Neuroscience Training Grants

Students in the PhD program in Computational Neuroscience have access to a range of training opportunities that will prepare them for a successful career. From cutting-edge research projects to hands-on laboratory experience, our program offers a wealth of resources to help students develop the skills and knowledge they need to thrive.

Program Directors: Donald Hedeker and Xiaoxi Zhuang

The NIDA T32 Training Program provides a unique multidisciplinary opportunity for both pre and postdoctoral trainees interested in addiction and substance abuse research. Our training faculty includes world-renowned experts in addiction research at every level, from molecular genetics and cellular approaches to behavior, epidemiology, and treatment. With this breadth of faculty expertise, we aim to educate trainees in the multiple dimensions of this complex social and biological problem.

The University of Chicago has a long record of commitment to drug abuse research, beginning in 1972 when the NIDA-funded Drug Abuse Research Center was established. Since then, our faculty has included pioneers of addiction research, including Jerry Jaffe, Lewis Seiden, Daniel X Freedman, Bob Schuster, Marian Fischman, and Chris-Ellyn Johanson.

Building on this long tradition, the current faculty includes leaders in neuropharmacology and behavioral pharmacology of addiction, using both animal models and human subjects, as well as key epidemiological and public policy research. The University has recently expanded its commitment to neuroscience through new investments in genetics as well as systems/computational neuroscience and clinical research. These significant investments create a rich intellectual environment with exciting new opportunities for addiction research.

Program Directors: Nicholas Hatsopoulos and Melina Hale

Research and training on motor control at UChicago have a unique history of combining neurobiology and neuromechanics research with computational approaches. In the past few years, the University has significantly expanded its neuroscience community with the establishment of the new Neuroscience Institute. The significant investments have created exciting new opportunities for research and training in the area of motor control and movement and related disorders, especially in addressing questions by integrating experimental and computational approaches.

Our training program takes advantage of the existing breadth and depth of motor control and movement research on campus. We have 14 faculty trainers whose research is focused on motor control and movement, covering a broad range from genetic, molecular, and cellular studies to circuits, systems, biomechanics, and computational approaches. Our research interests have a broad anatomic scope, from neuromuscular junction and spinal cord to cerebellum, basal ganglia, and cerebral cortex.

We employ a broad range of model organisms including invertebrates, insects, zebrafish, and mice to non-human primates and human subjects. Through its various activities (a course in Experimental Design in Motor Control Research, a monthly journal club, and a summer workshop/problem-solving challenge among others) the training program brings together faculty and students whose work is mainly experimental and those whose work is computational. We explore as a community how fundamental questions in motor control can be addressed at a range of levels of approach.

Program Directors: Brent Doiron, Jason MacLean, Stephanie Palmer

The scale and scope of modern neuroscience necessitate that students are trained in cutting-edge quantitative modeling and methods applied to brain data.
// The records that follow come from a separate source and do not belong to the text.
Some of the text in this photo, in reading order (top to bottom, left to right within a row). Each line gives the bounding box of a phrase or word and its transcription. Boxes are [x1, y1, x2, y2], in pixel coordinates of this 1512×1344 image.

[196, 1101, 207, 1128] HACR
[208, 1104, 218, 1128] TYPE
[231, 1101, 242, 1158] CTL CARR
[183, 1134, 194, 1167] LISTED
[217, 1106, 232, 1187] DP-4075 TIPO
The Training in Theory and Computation for Next Generation Neuroscientists, which has both an undergraduate and a graduate-level component, supports students specializing in theoretical neuroscience, as well as those working at the interface between computation and experiment.
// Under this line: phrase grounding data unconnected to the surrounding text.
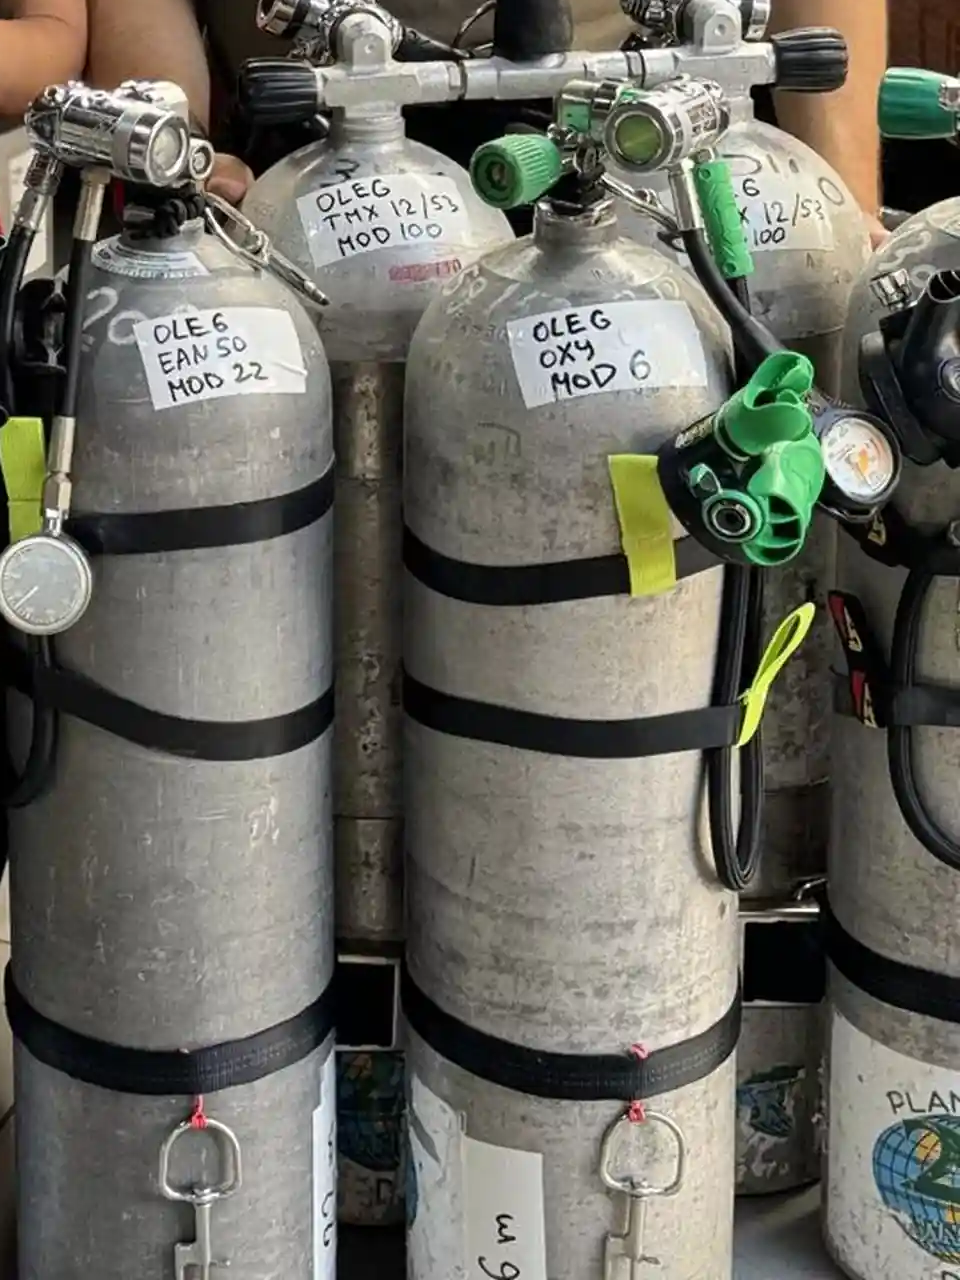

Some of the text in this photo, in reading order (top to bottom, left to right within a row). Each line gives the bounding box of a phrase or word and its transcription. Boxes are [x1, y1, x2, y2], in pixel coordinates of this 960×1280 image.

[316, 179, 390, 212] OLEG
[323, 204, 379, 230] TMX
[337, 223, 442, 256] MOD 100
[753, 227, 786, 246] 100
[153, 312, 229, 344] OLEG
[533, 310, 611, 342] OLEG
[158, 336, 247, 374] EAN 50
[539, 339, 595, 369] OXY
[167, 362, 268, 402] MOD 22
[550, 350, 651, 395] MOD 6
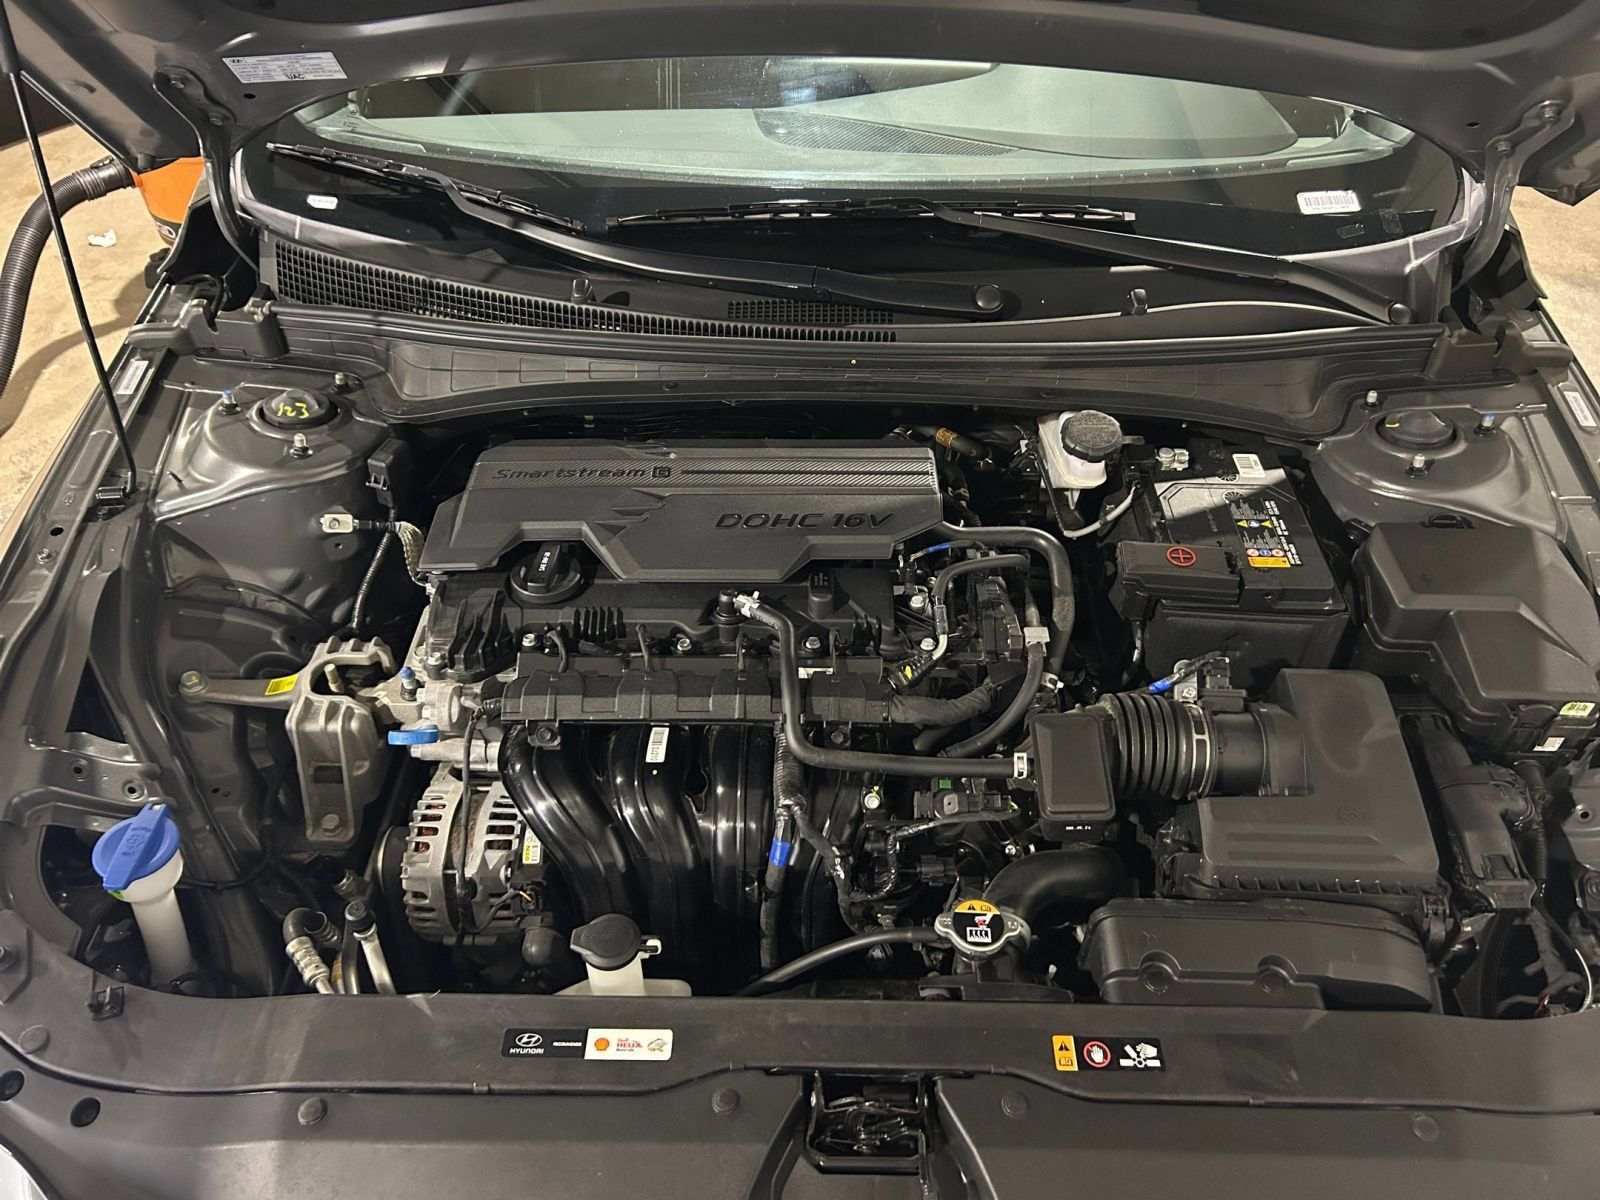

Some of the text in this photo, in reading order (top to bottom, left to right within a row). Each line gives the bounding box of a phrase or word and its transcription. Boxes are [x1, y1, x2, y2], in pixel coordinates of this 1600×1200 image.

[491, 467, 646, 480] Smartstream
[715, 513, 895, 528] DOHC 16V
Building the next generation of computational neuroscience cannot happen in siloed communities, but rather must have full and collaborative engagement across disciplines. This is a central philosophy for Computational Neuroscience at UChicago.
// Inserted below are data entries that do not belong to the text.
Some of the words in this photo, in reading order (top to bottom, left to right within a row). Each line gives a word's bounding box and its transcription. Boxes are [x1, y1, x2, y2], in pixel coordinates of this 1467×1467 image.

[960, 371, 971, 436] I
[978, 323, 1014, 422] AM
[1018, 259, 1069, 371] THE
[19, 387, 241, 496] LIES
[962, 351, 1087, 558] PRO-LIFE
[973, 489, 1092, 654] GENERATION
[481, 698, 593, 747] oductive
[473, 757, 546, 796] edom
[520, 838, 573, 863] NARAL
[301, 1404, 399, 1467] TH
Program Directors: Mark Westneat and Melina Hale

Neuromechanics is an important area of need in neuroscience. The field examines the combined function of the brain in concert with the biomechanics of body movement and sensorimotor integration.

Neuromechanics research has implications for both basic and applied work related to a national need in neuroscience including (1) the development of neuroprosthetics to restore abilities to amputees, (2) the development of biologically-inspired designs for a range of engineering applications, and (3) increased understanding of how organisms function in changing environments, a key to understanding potential impacts of climate change on behavior, animal populations, and species survival.

Fellows receive disciplinary and broad training in the biological sciences and in research and analysis techniques and take a curriculum in teaching with coursework and a mentored classroom experience. They also participate in an array of career development opportunities that align with the Fellows’ interests and career aspirations.